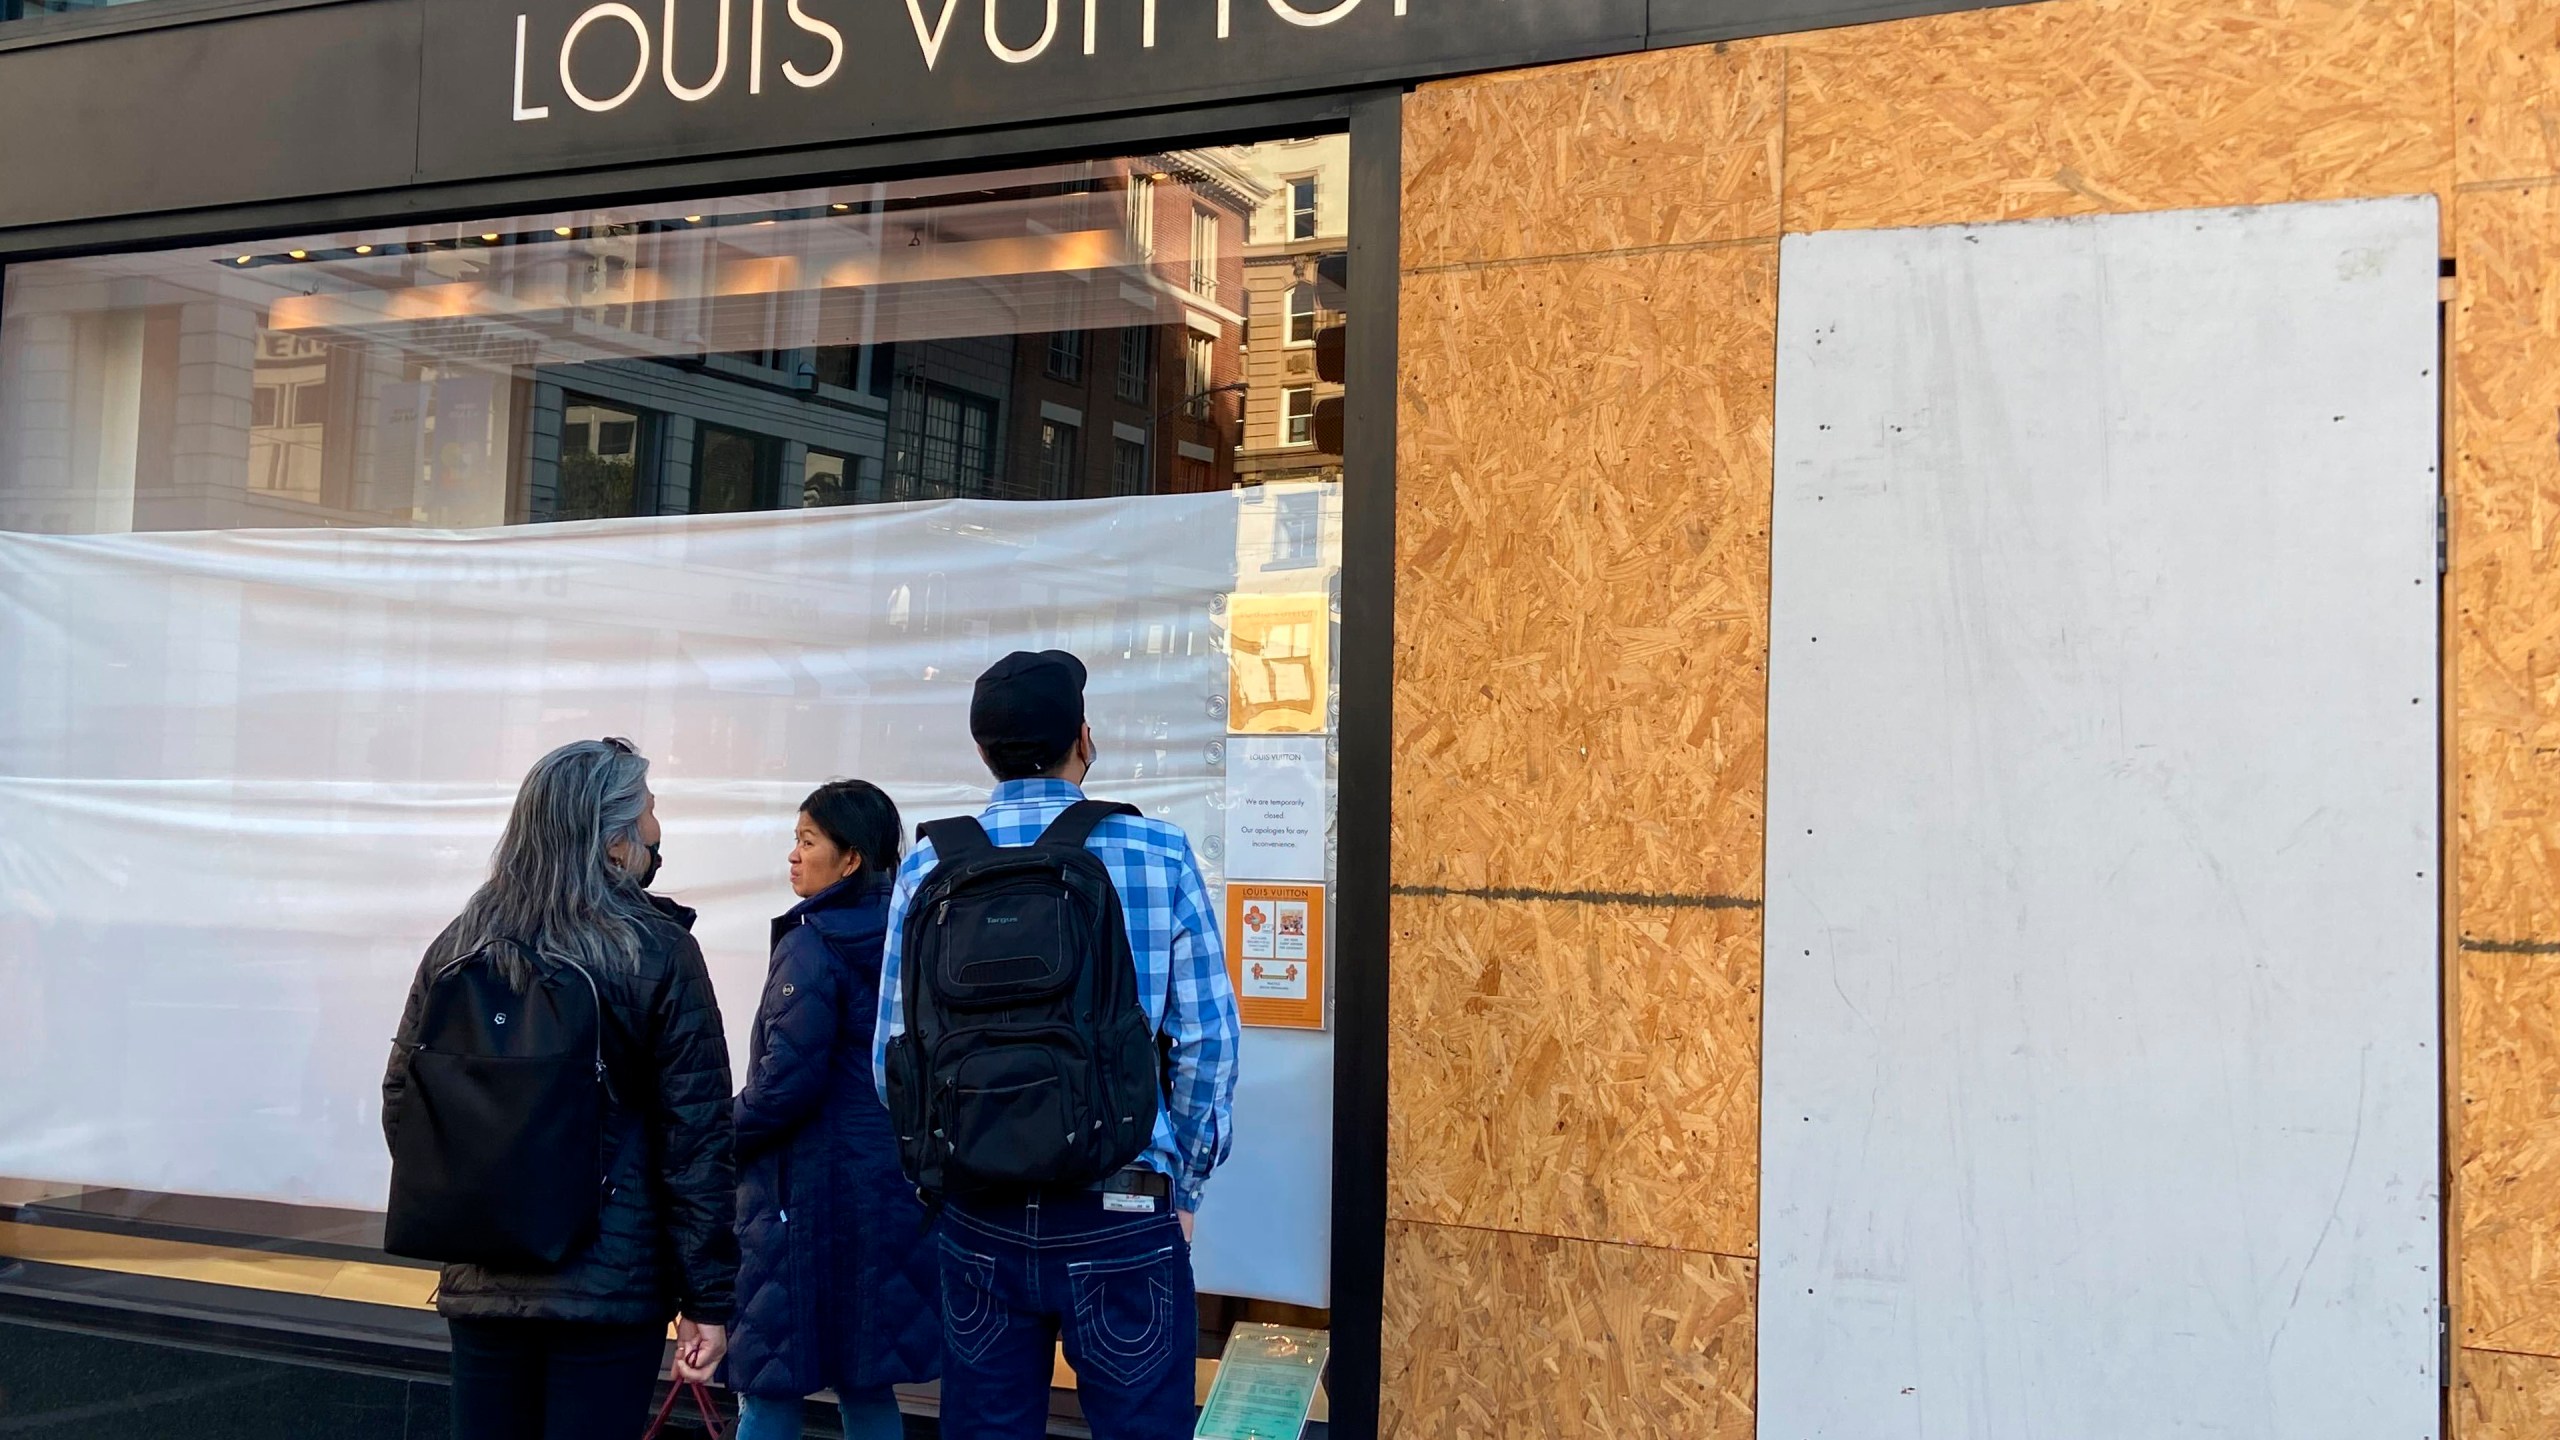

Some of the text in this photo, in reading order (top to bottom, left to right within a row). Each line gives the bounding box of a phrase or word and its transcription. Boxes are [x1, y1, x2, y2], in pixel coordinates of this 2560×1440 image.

[513, 0, 843, 121] LOUIS
[1249, 753, 1270, 761] LOUIS
[1270, 799, 1304, 807] temporarily
[1241, 826, 1308, 837] Our apologies for any
[1243, 888, 1308, 897] LOUIS VUITTON

★ ★ ★ ★

→ PROBLEM REQUIREMENTS:
Retype the records in full, exactly as given, and omit the pictures.

→ TASK OUTPUT:
Some of the text in this photo, in reading order (top to bottom, left to right within a row). Each line gives the bounding box of a phrase or word and its transcription. Boxes are [x1, y1, x2, y2], in pixel coordinates of this 2560×1440 image.

[513, 0, 843, 121] LOUIS
[1249, 753, 1270, 761] LOUIS
[1270, 799, 1304, 807] temporarily
[1241, 826, 1308, 837] Our apologies for any
[1243, 888, 1308, 897] LOUIS VUITTON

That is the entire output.